* _TRY IT_
Repeat all the records exactly, omitting pictures.

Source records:
+ + + + + + +

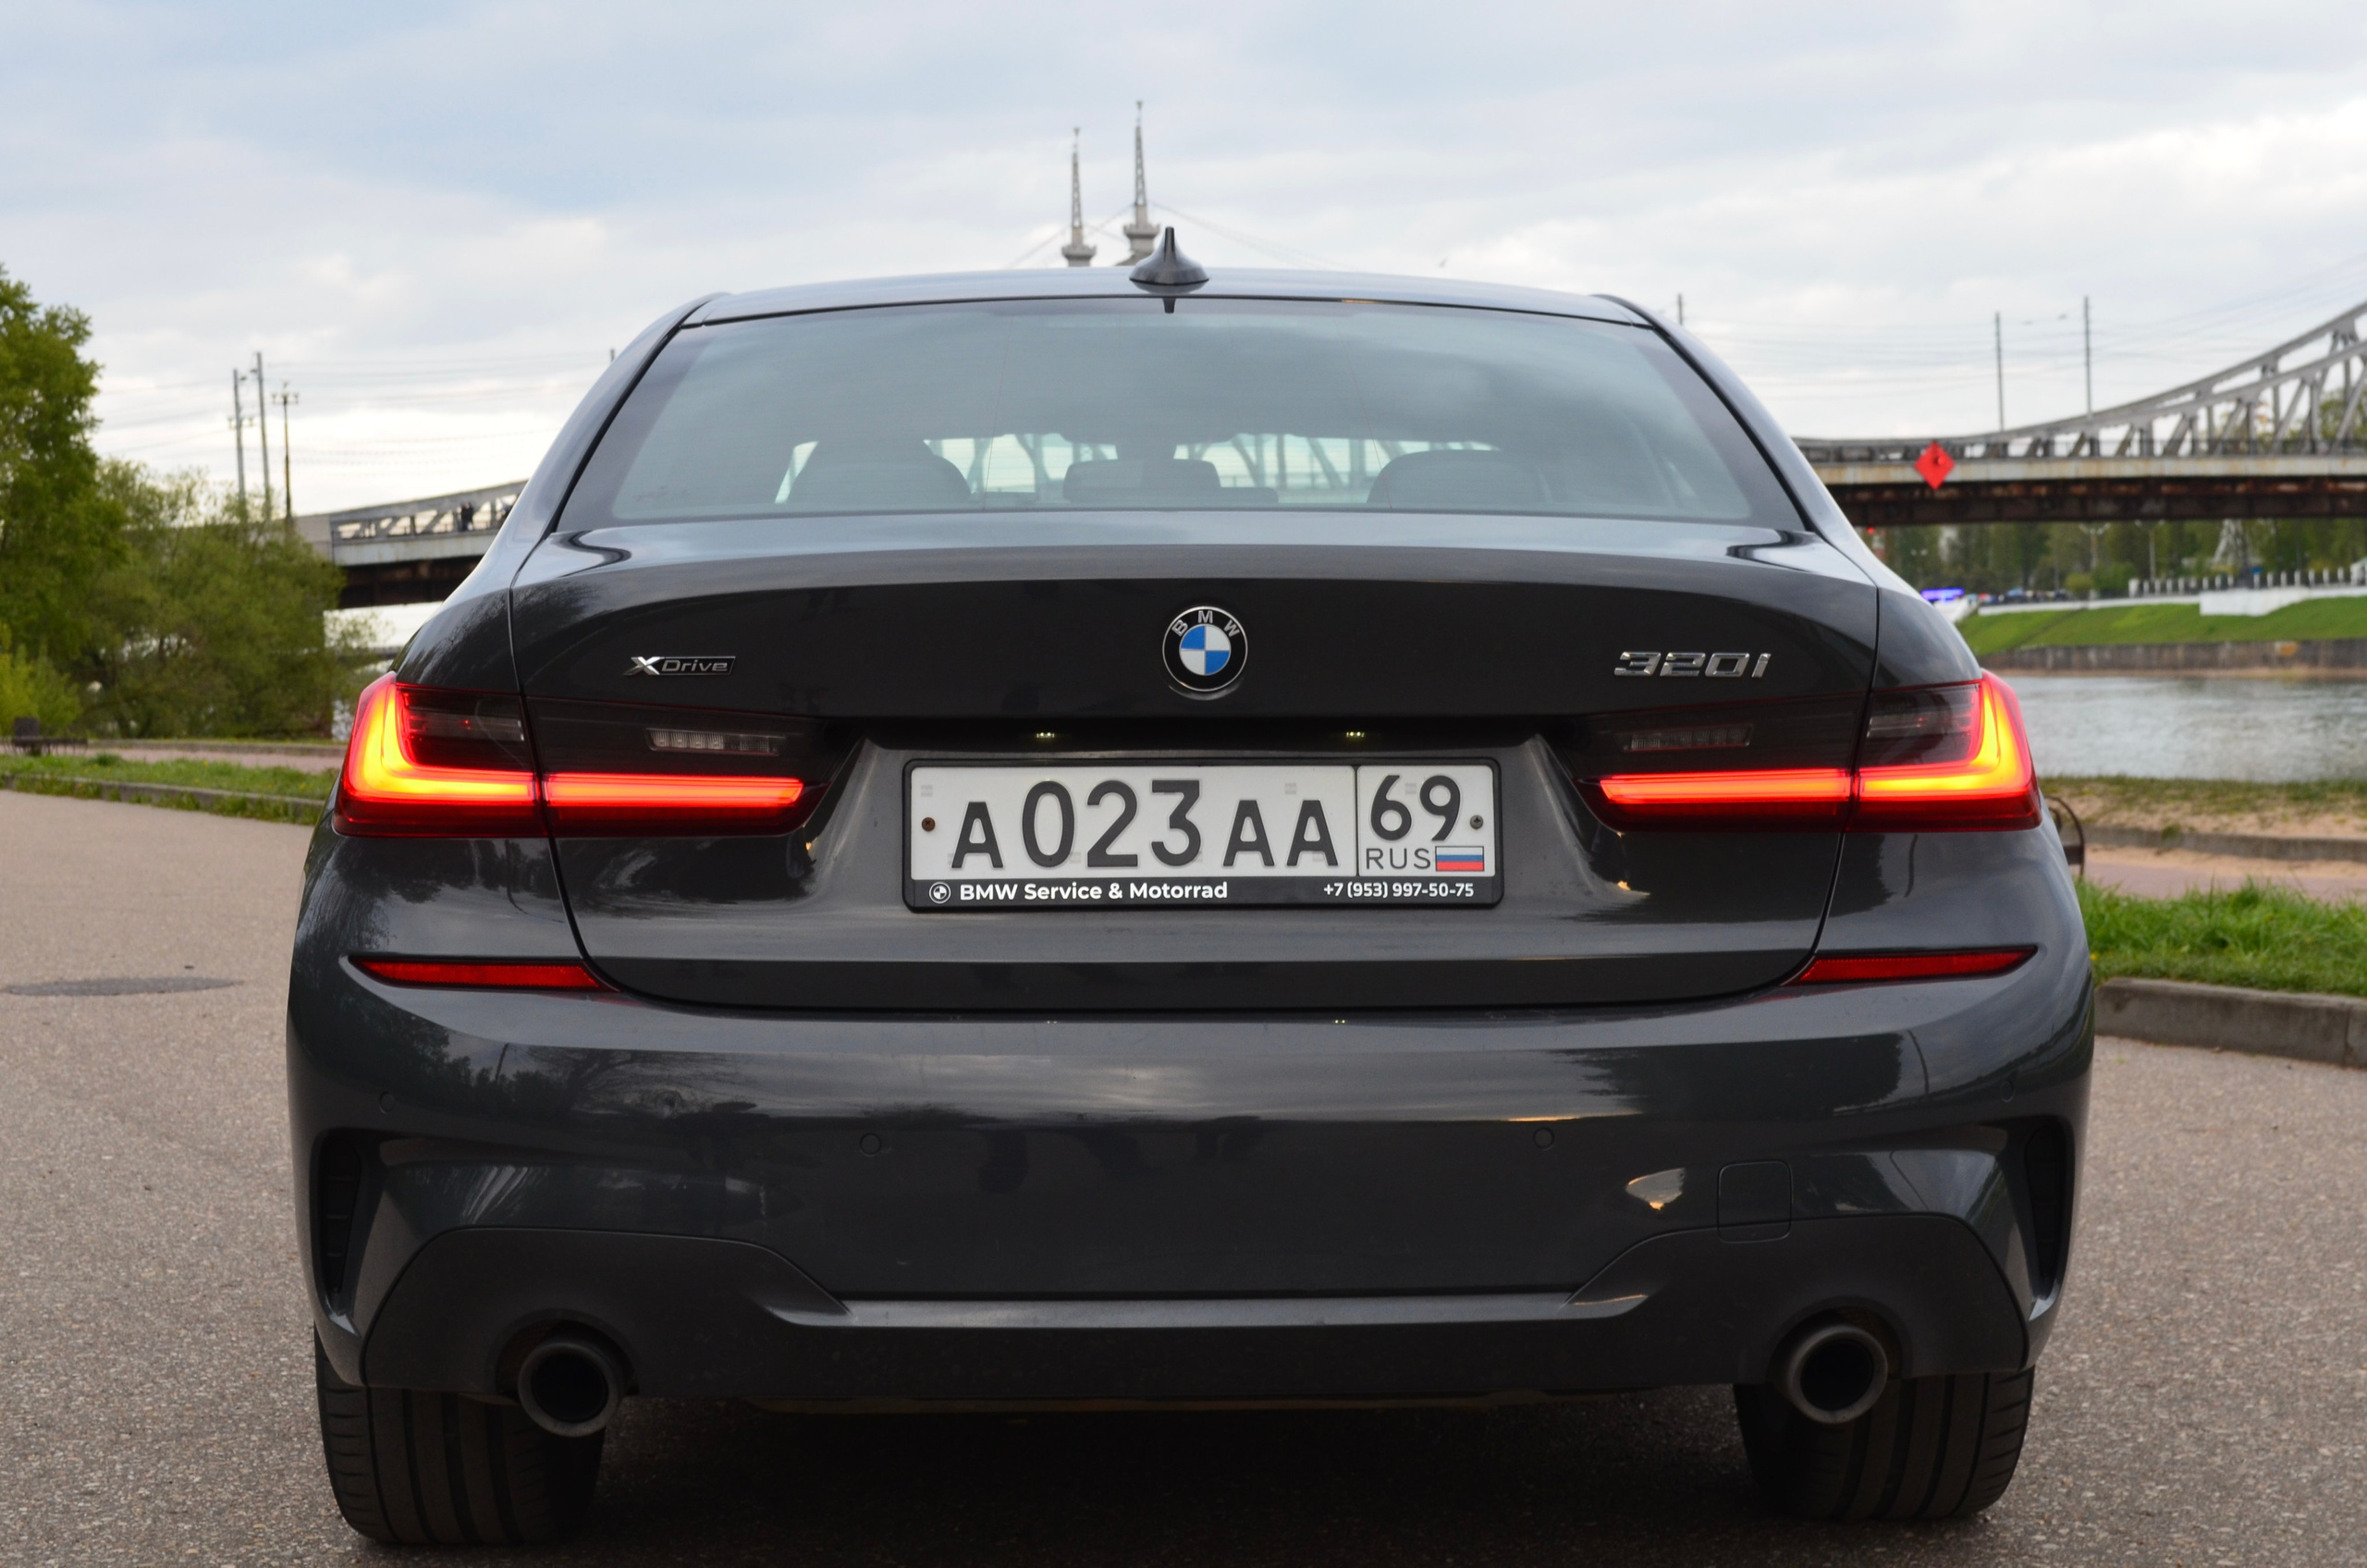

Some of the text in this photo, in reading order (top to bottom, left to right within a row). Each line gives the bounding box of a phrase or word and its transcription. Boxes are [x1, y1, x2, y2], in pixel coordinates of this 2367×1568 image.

[1171, 609, 1240, 638] BMW
[1614, 651, 1772, 678] 320i
[1370, 774, 1461, 841] 69
[1366, 848, 1431, 870] RUS
[960, 881, 1228, 900] BMW Service & Motorrad
[1324, 881, 1474, 899] +7 (953) 997-50-75
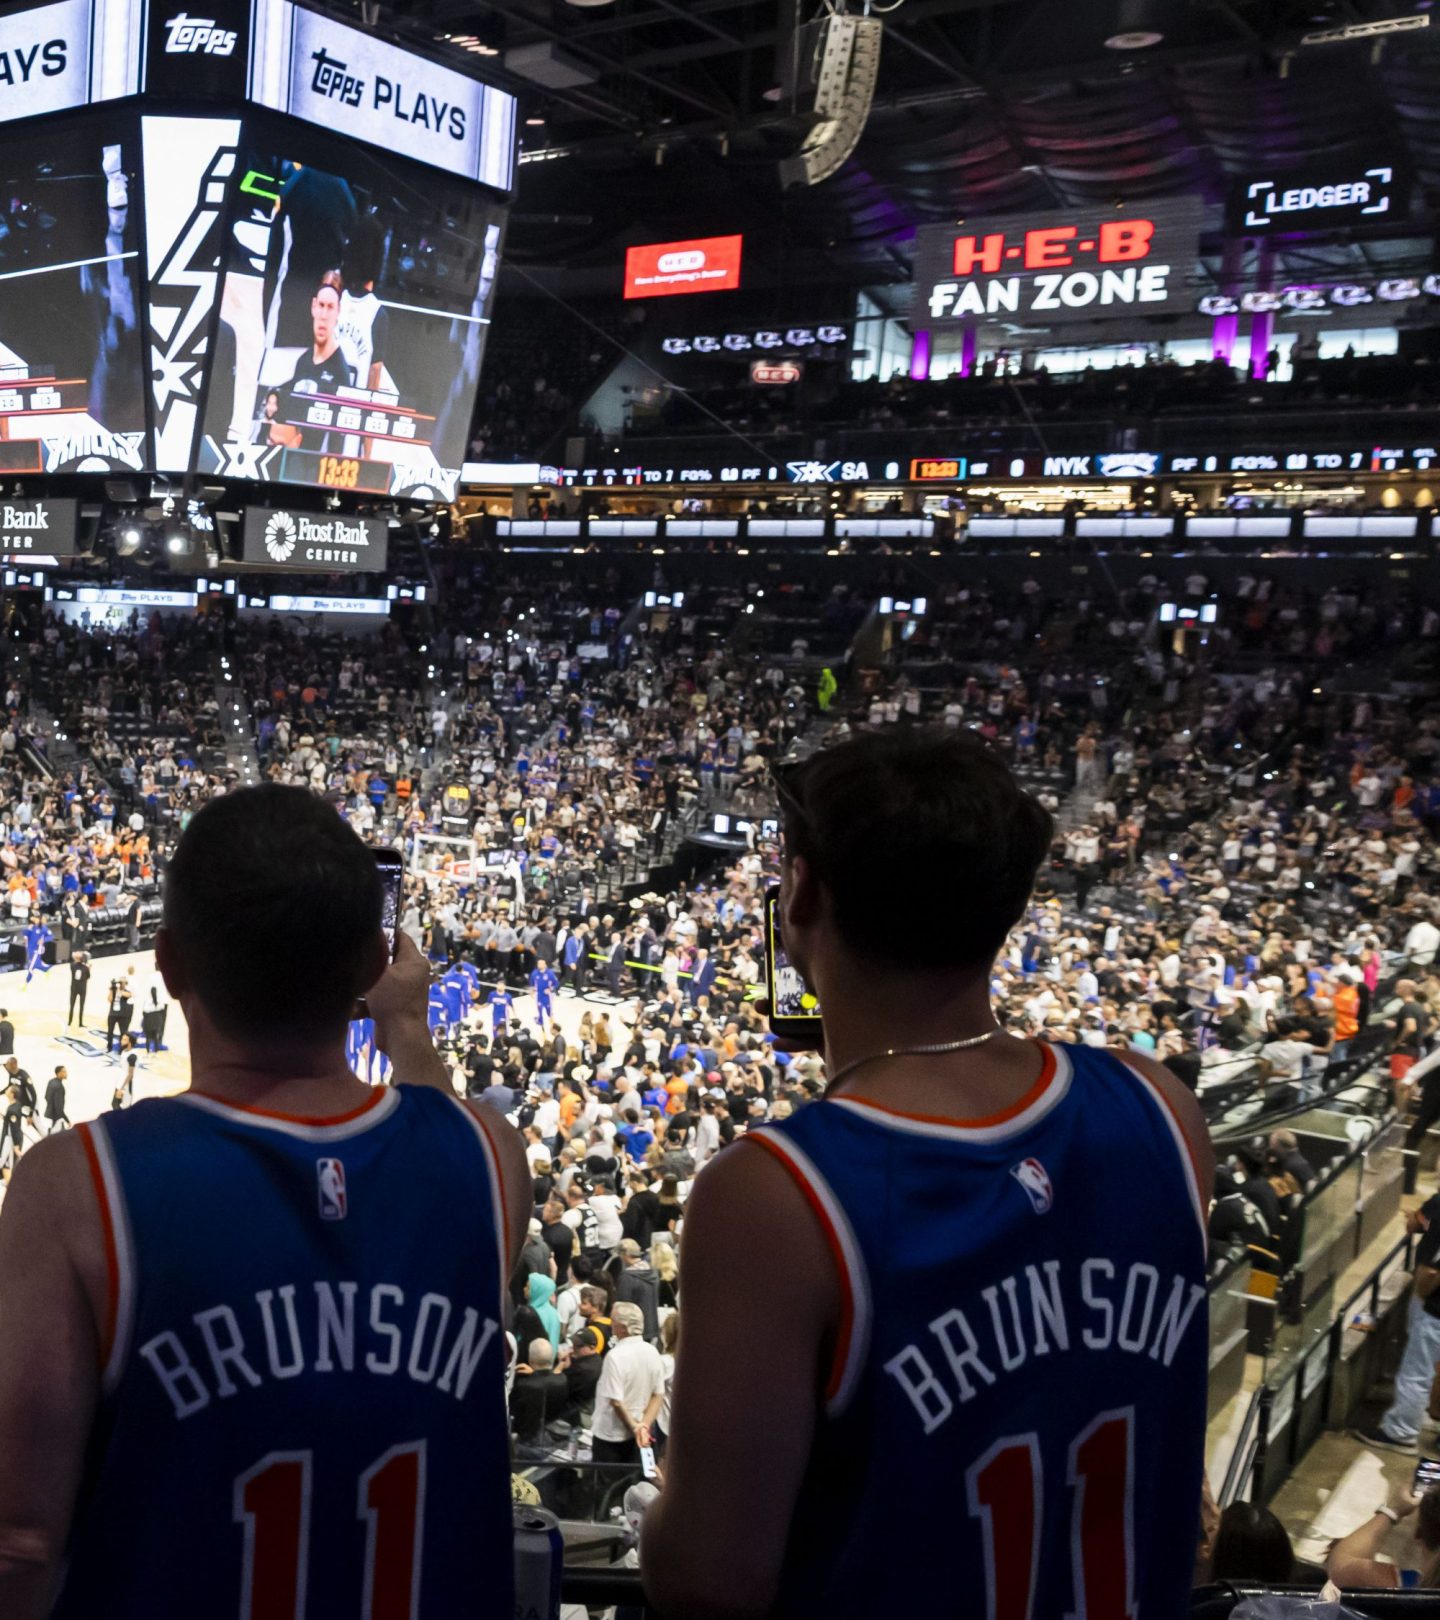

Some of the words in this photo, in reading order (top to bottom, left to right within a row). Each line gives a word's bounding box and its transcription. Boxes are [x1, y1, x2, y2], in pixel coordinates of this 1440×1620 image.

[373, 75, 467, 141] PLAYS
[1264, 181, 1371, 214] LEDGER
[927, 277, 1021, 318] FAN
[1031, 264, 1171, 311] ZONE
[318, 456, 360, 488] 13:33
[741, 467, 762, 481] PF
[840, 461, 868, 481] SA
[1044, 456, 1091, 477] NYK
[1171, 457, 1198, 471] PF
[1230, 456, 1278, 471] FG%
[1313, 454, 1343, 469] TO
[2, 502, 49, 530] Bank
[298, 517, 334, 543] Frost
[333, 519, 370, 546] Bank
[305, 548, 358, 564] CENTER
[138, 1280, 500, 1421] BRUNSON
[883, 1257, 1207, 1436] BRUNSON
[232, 1437, 428, 1620] 11
[964, 1403, 1140, 1620] 11
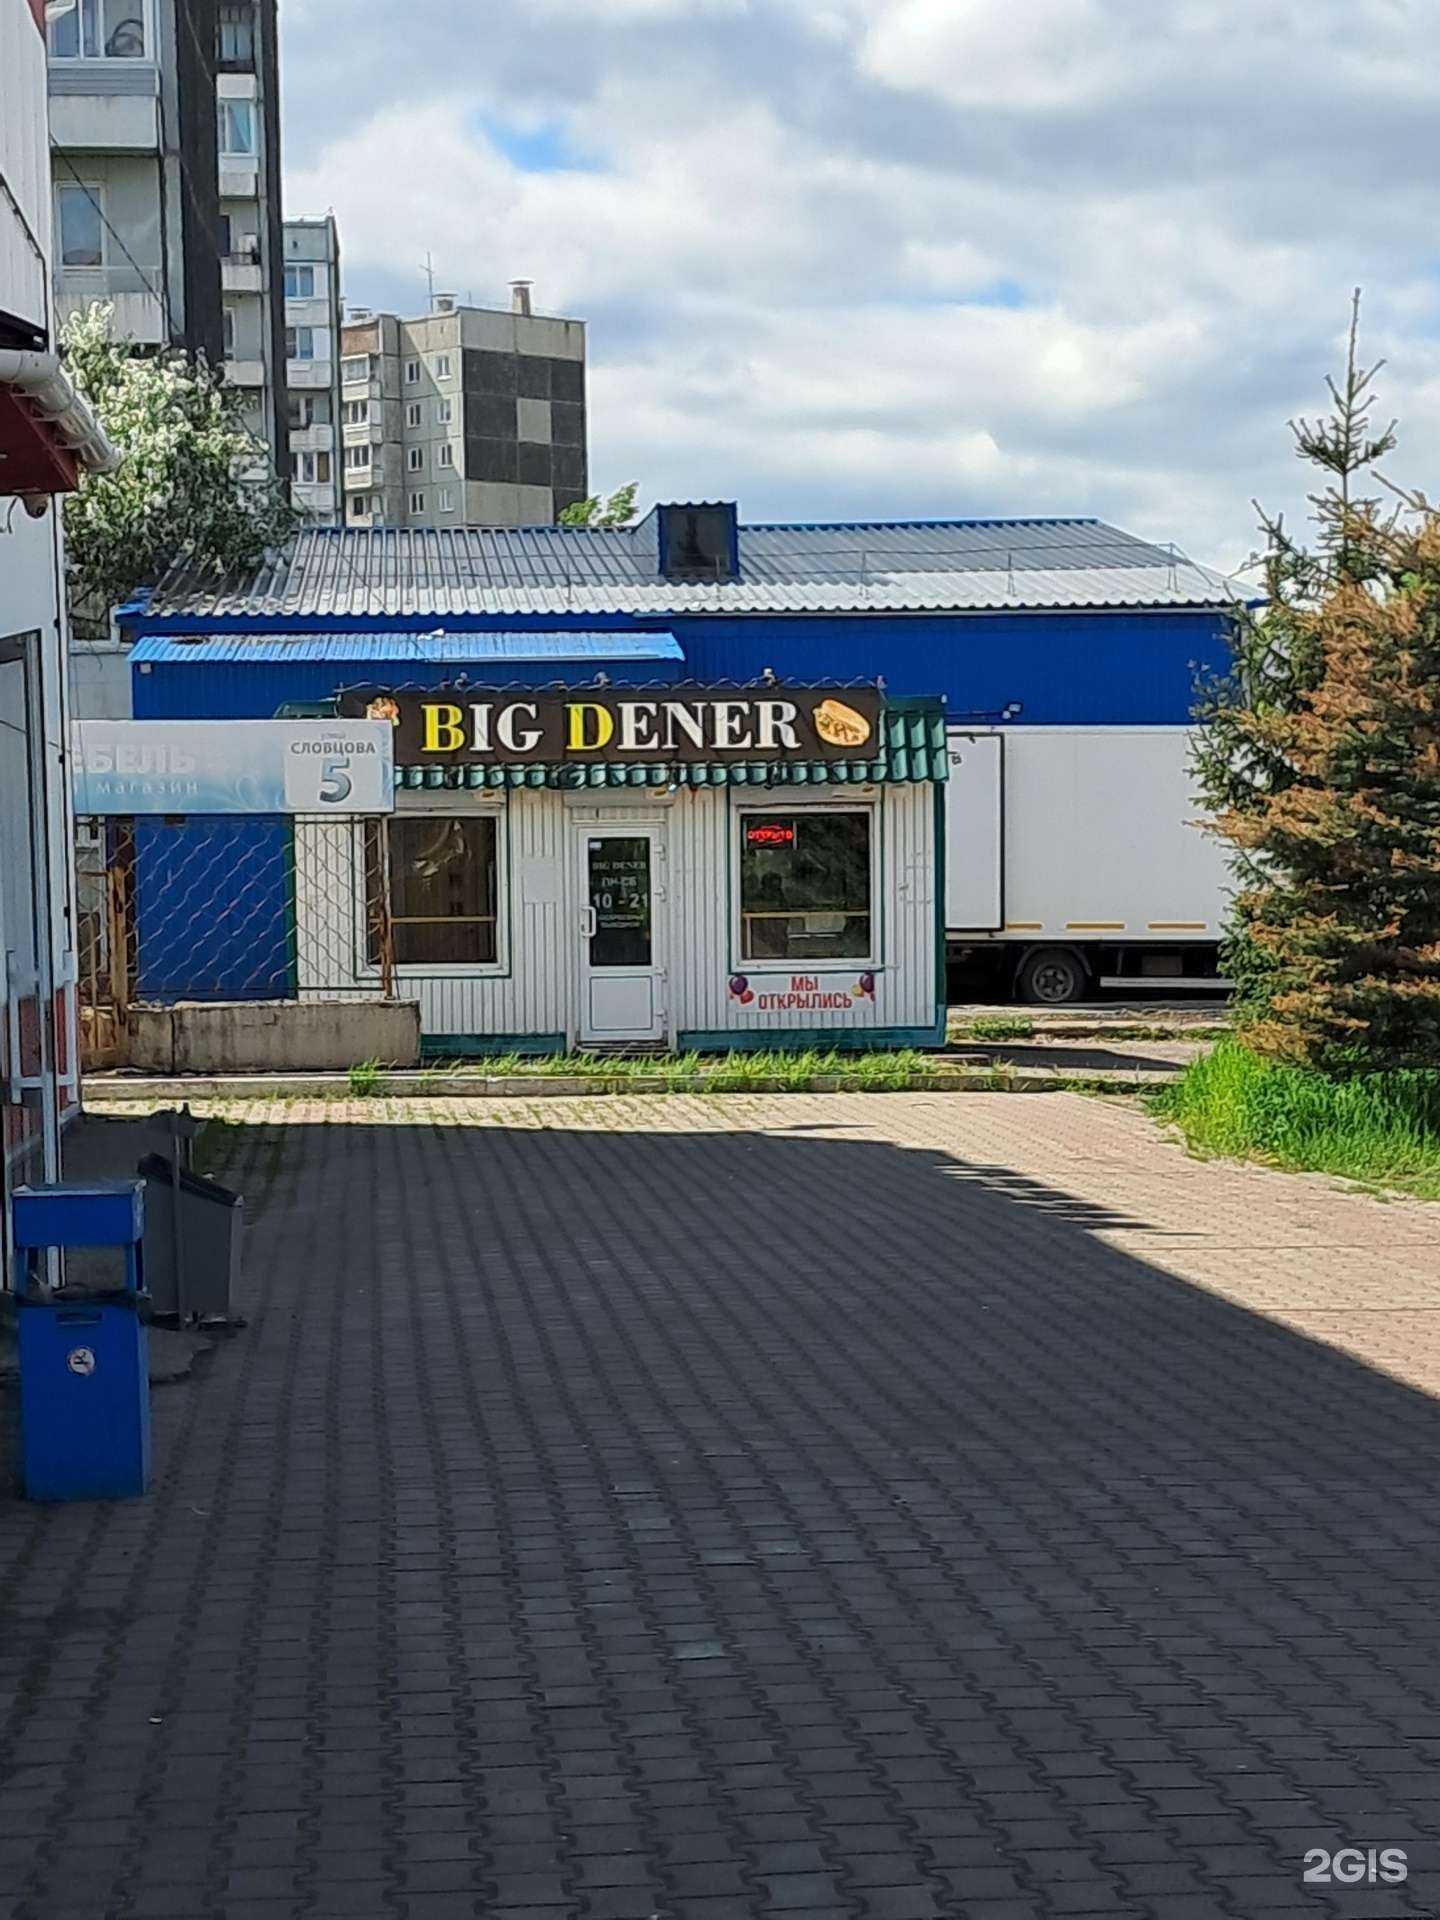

+ + + + + + +

* _EXPECTED ANSWER_
Some of the text in this photo, in reading order (top to bottom, left to right within a row). Each line gives the bounding box of a phrase or word and its transcription. Boxes are [x1, y1, x2, y2], in pixel coordinates of this 2367×1568 image.

[1171, 609, 1240, 638] BMW
[1614, 651, 1772, 678] 320i
[1370, 774, 1461, 841] 69
[1366, 848, 1431, 870] RUS
[960, 881, 1228, 900] BMW Service & Motorrad
[1324, 881, 1474, 899] +7 (953) 997-50-75

Some of the words in this photo, in reading order (top to bottom, left to right within a row). Each line gives a word's bounding box and its transcription. Boxes are [x1, y1, x2, y2], in pixel coordinates of this 1440×1620 image.

[373, 75, 467, 141] PLAYS
[1264, 181, 1371, 214] LEDGER
[927, 277, 1021, 318] FAN
[1031, 264, 1171, 311] ZONE
[318, 456, 360, 488] 13:33
[741, 467, 762, 481] PF
[840, 461, 868, 481] SA
[1044, 456, 1091, 477] NYK
[1171, 457, 1198, 471] PF
[1230, 456, 1278, 471] FG%
[1313, 454, 1343, 469] TO
[2, 502, 49, 530] Bank
[298, 517, 334, 543] Frost
[333, 519, 370, 546] Bank
[305, 548, 358, 564] CENTER
[138, 1280, 500, 1421] BRUNSON
[883, 1257, 1207, 1436] BRUNSON
[232, 1437, 428, 1620] 11
[964, 1403, 1140, 1620] 11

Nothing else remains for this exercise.